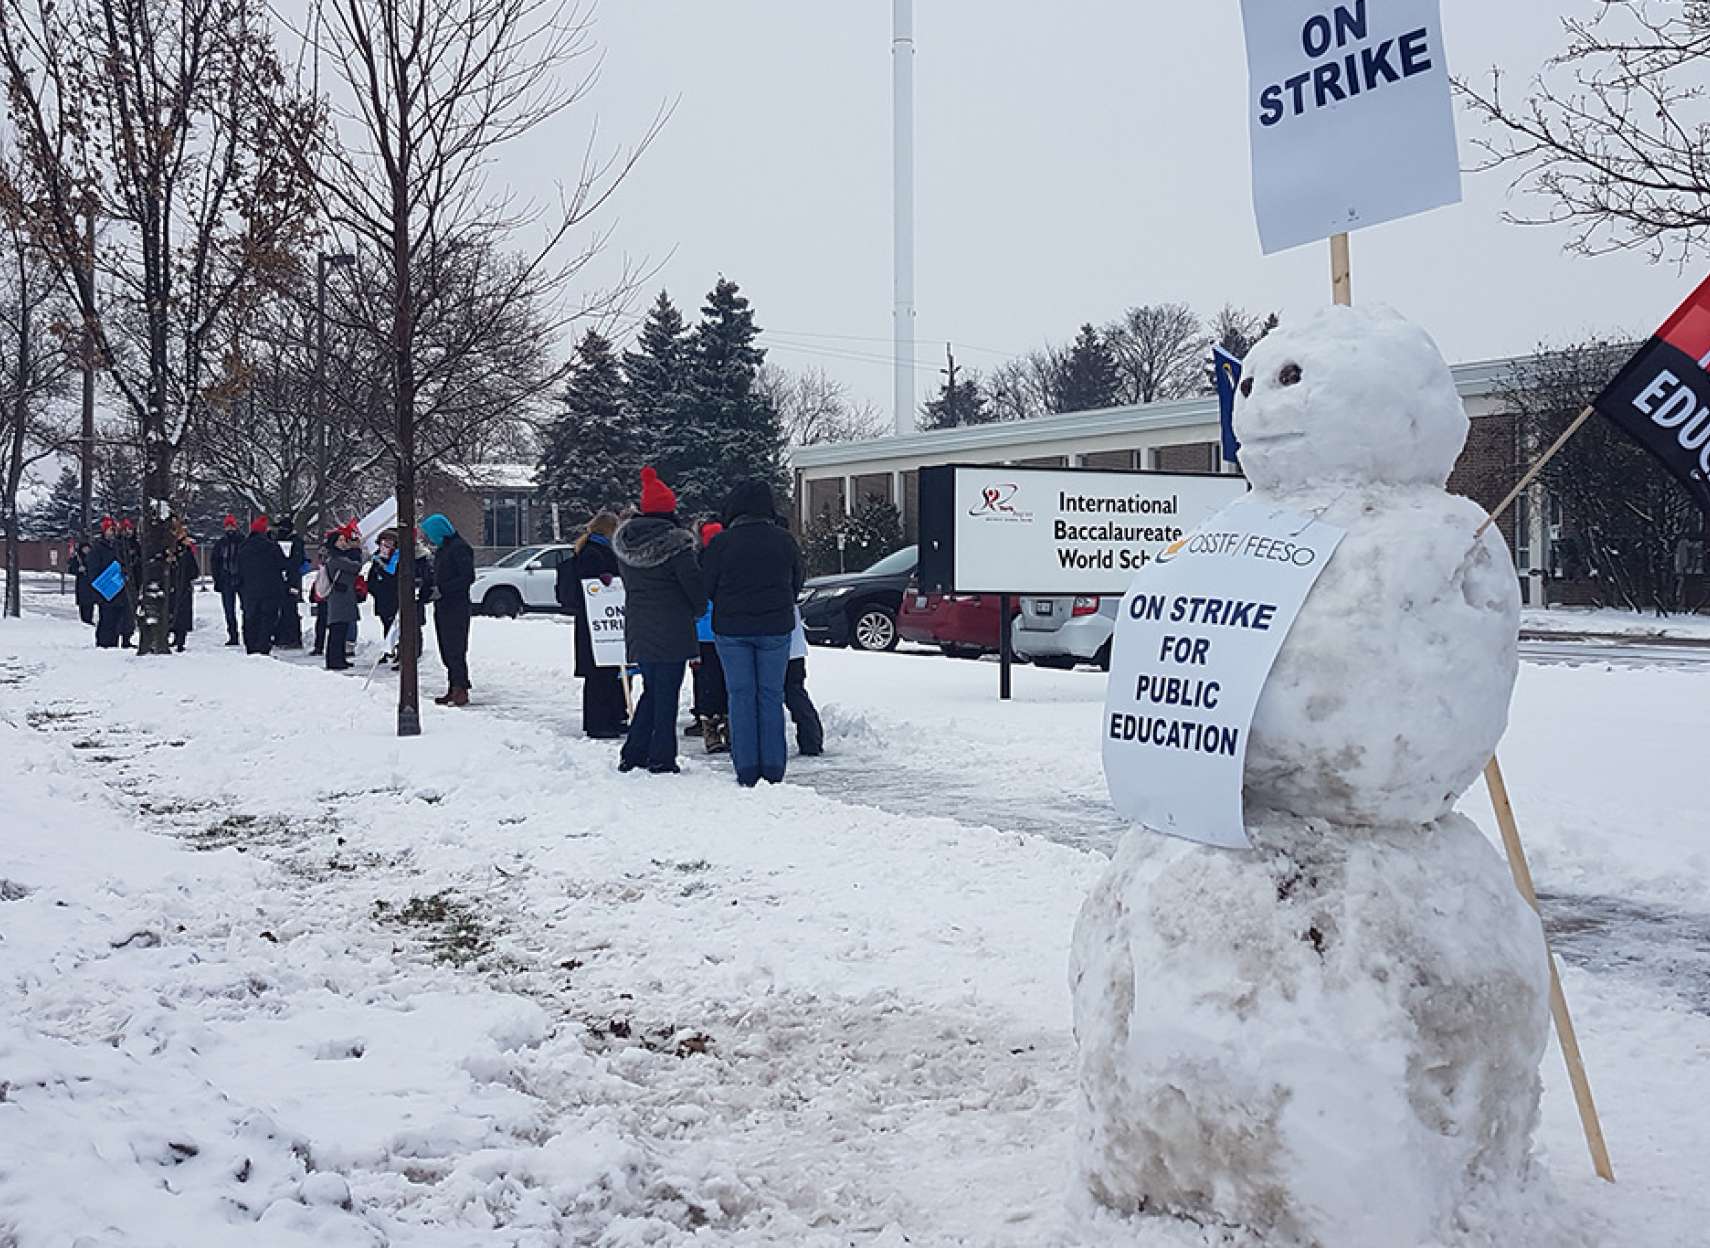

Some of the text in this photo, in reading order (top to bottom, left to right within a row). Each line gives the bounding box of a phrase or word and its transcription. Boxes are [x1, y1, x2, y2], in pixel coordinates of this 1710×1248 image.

[1302, 0, 1367, 58] ON
[1258, 27, 1432, 127] STRIKE
[1060, 491, 1178, 514] International
[1054, 519, 1182, 541] Baccalaureate
[1058, 547, 1113, 569] World
[1189, 533, 1315, 566] OSSTF/FEESO
[604, 605, 625, 618] ON
[1130, 594, 1277, 630] ON STRIKE
[1160, 635, 1210, 665] FOR
[1136, 675, 1220, 709] PUBLIC
[1110, 712, 1239, 756] EDUCATION
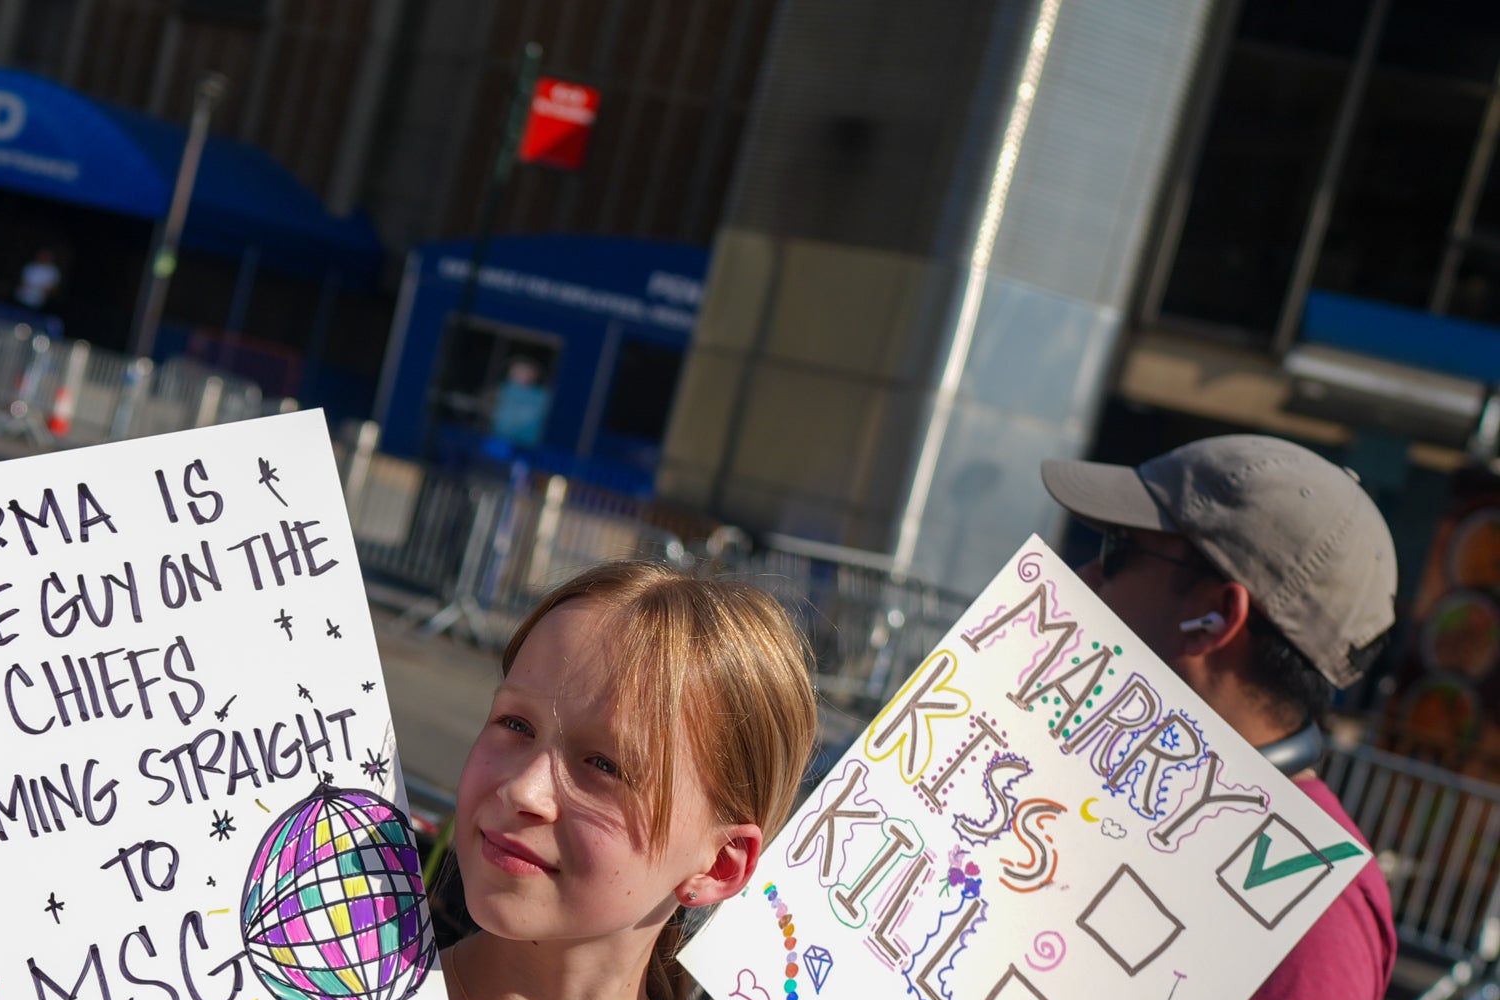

THE TASK | Images must not appear in the copy; reproduce everything else in the records verbatim.

SOLUTION FOR THIS TASK |
Some of the text in this photo, in reading order (top to bottom, left to right within a row). Each line gives the bounding box of a phrase or word and its transcription. Boxes are [x1, y1, x2, y2], in pixel coordinates of this 1710×1248 image.

[1302, 0, 1367, 58] ON
[1258, 27, 1432, 127] STRIKE
[1060, 491, 1178, 514] International
[1054, 519, 1182, 541] Baccalaureate
[1058, 547, 1113, 569] World
[1189, 533, 1315, 566] OSSTF/FEESO
[604, 605, 625, 618] ON
[1130, 594, 1277, 630] ON STRIKE
[1160, 635, 1210, 665] FOR
[1136, 675, 1220, 709] PUBLIC
[1110, 712, 1239, 756] EDUCATION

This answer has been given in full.